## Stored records
▬▬▬▬▬▬

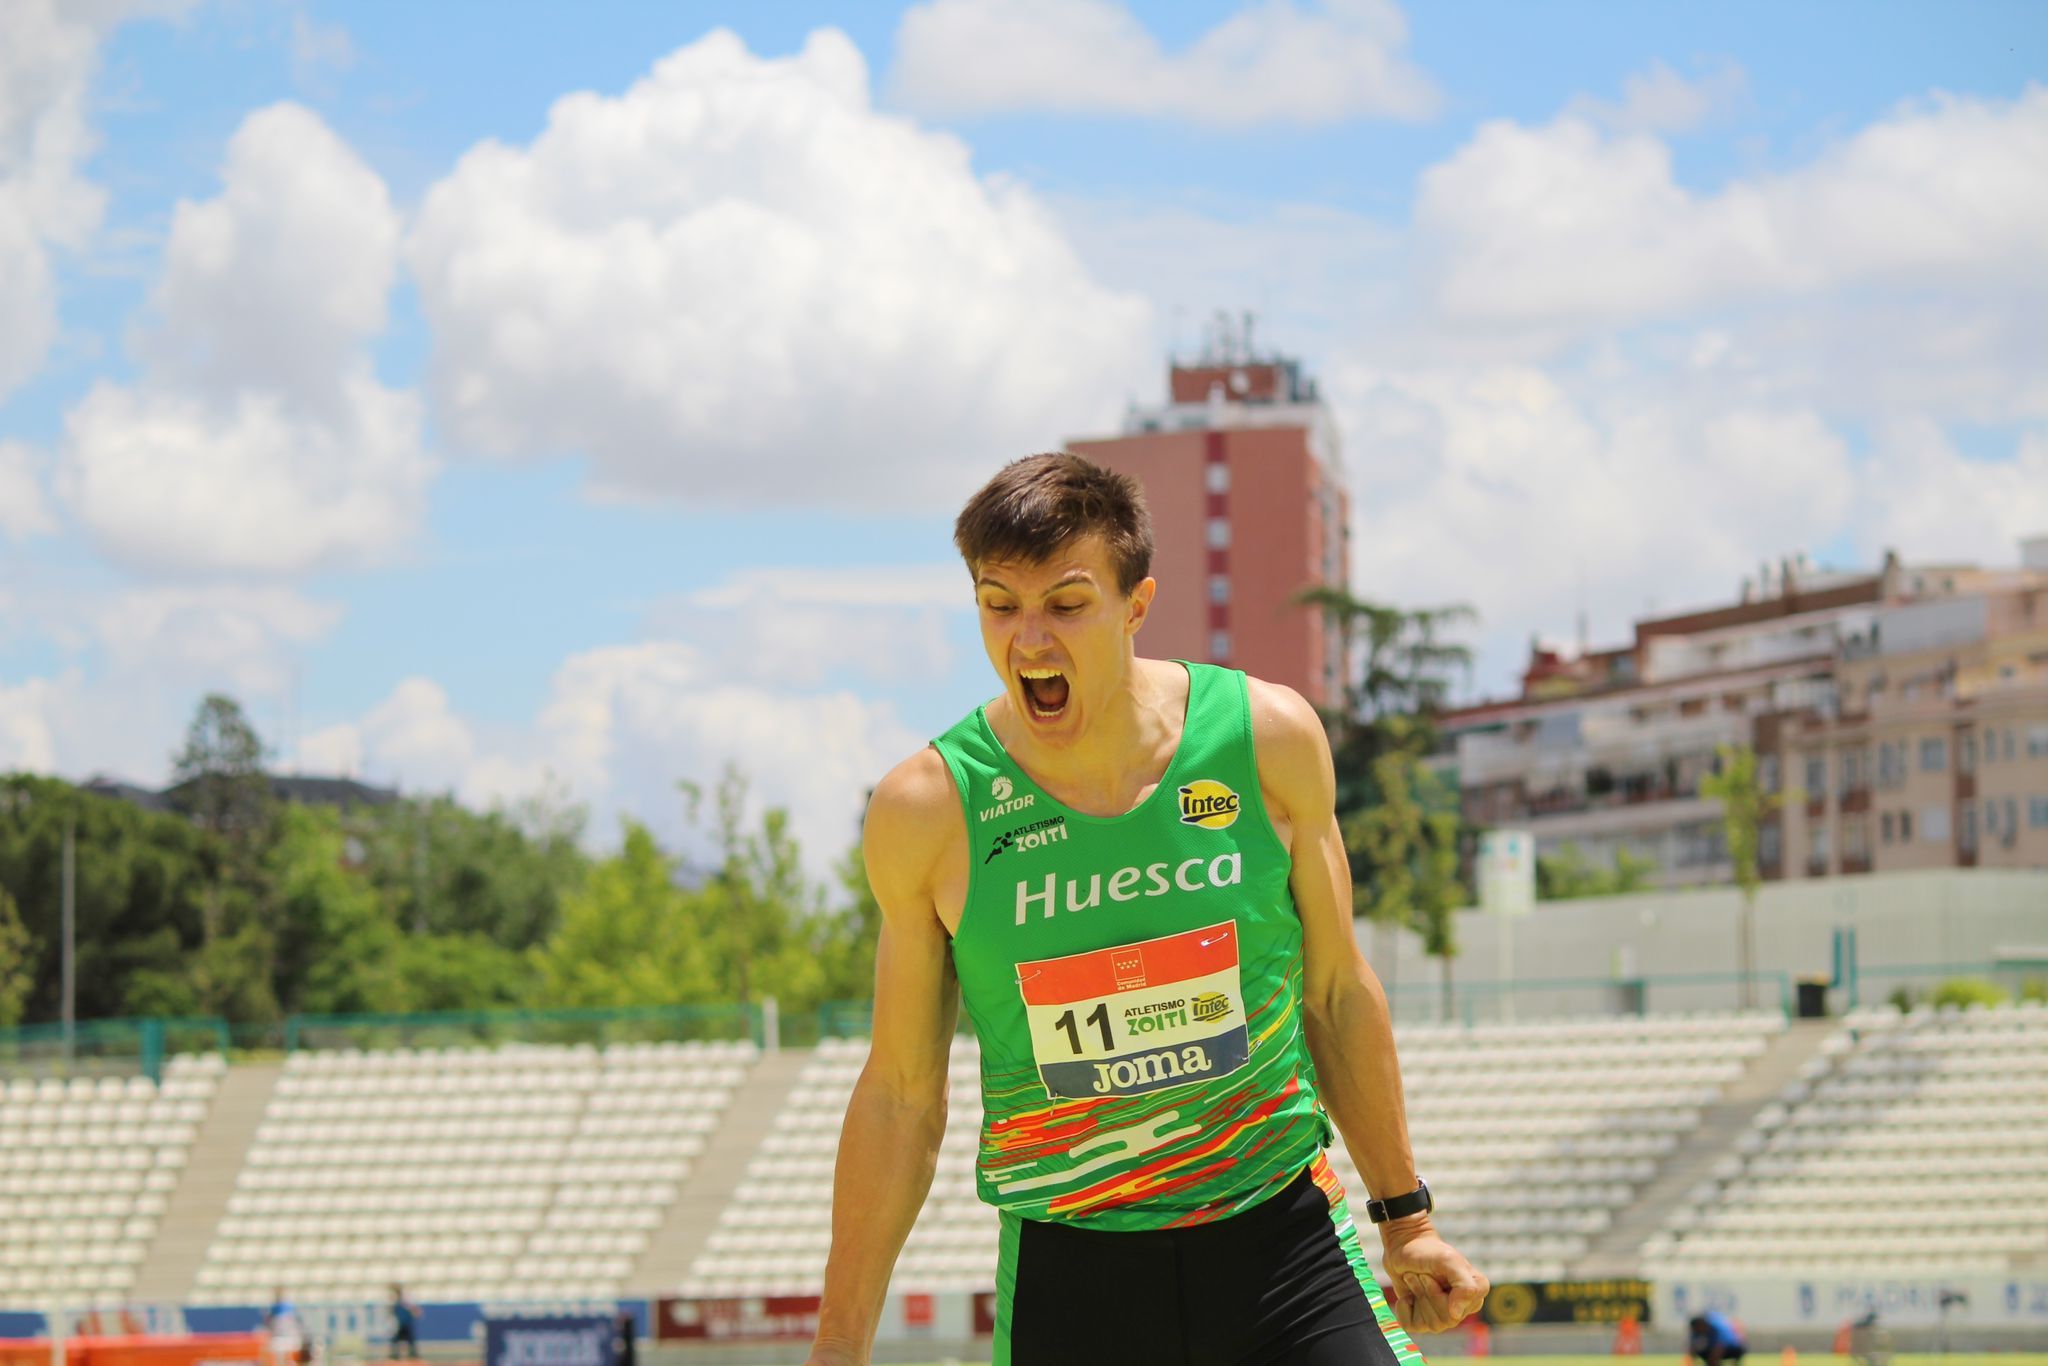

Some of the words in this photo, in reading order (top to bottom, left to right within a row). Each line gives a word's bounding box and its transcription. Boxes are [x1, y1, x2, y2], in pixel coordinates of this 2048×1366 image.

[979, 794, 1035, 822] VIATOR
[1013, 815, 1065, 837] ATLETISMO
[1015, 823, 1068, 852] ZOITI
[1015, 852, 1242, 926] Huesca
[1124, 998, 1186, 1018] ATLETISMO
[1126, 1008, 1188, 1036] ZOITI
[1055, 1003, 1116, 1056] 11
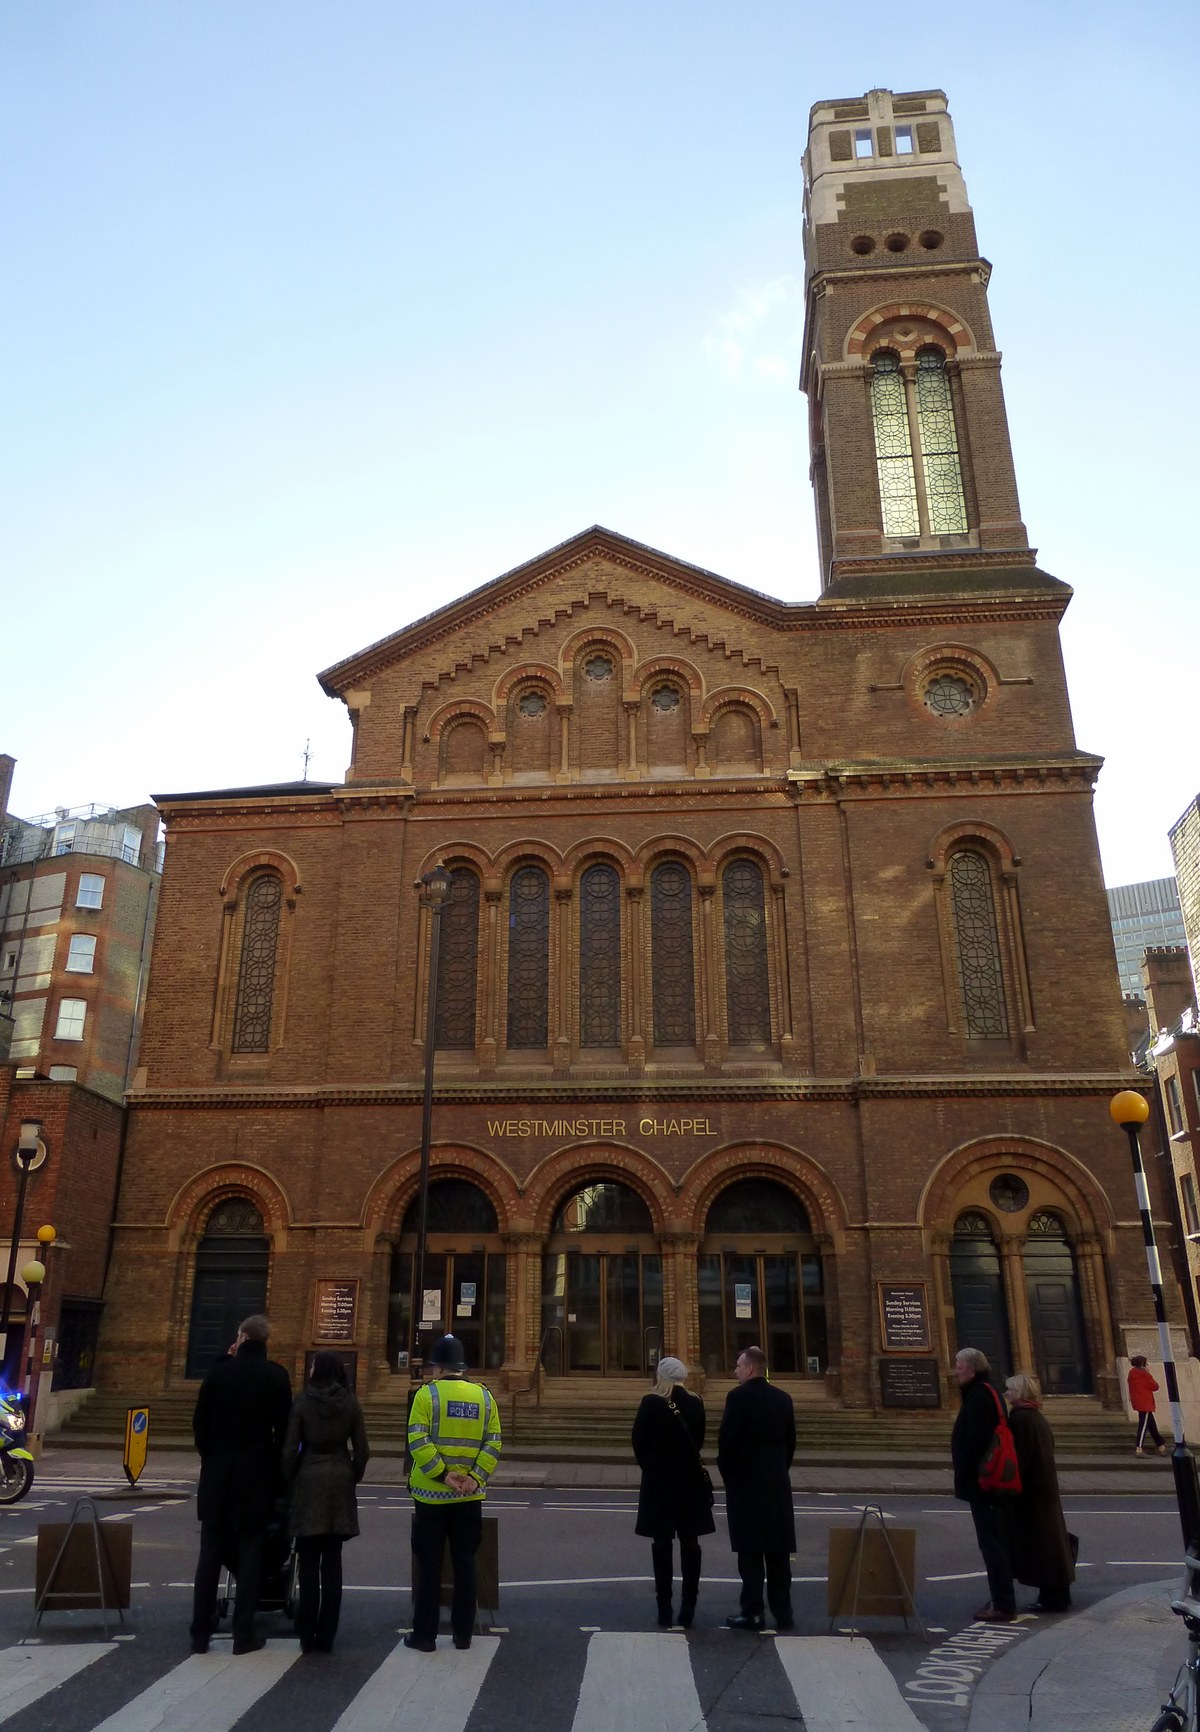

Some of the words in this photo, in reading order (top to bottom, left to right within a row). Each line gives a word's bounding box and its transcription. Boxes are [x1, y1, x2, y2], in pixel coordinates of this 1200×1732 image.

▬▬▬▬▬▬

## Problem details
Please, without any pictures, print each entry exactly.

## Output for this exercise
Some of the words in this photo, in reading order (top to bottom, left to right within a row). Each line gives a word's bounding box and its transcription. Boxes are [x1, y1, x2, y2], in pixel coordinates of this 2048×1366 image.

[979, 794, 1035, 822] VIATOR
[1013, 815, 1065, 837] ATLETISMO
[1015, 823, 1068, 852] ZOITI
[1015, 852, 1242, 926] Huesca
[1124, 998, 1186, 1018] ATLETISMO
[1126, 1008, 1188, 1036] ZOITI
[1055, 1003, 1116, 1056] 11

Some of the words in this photo, in reading order (top to bottom, left to right within a row). Each line gives a word's bounding box and its transcription. Boxes are [x1, y1, x2, y2], in pixel coordinates of this 1200×1732 image.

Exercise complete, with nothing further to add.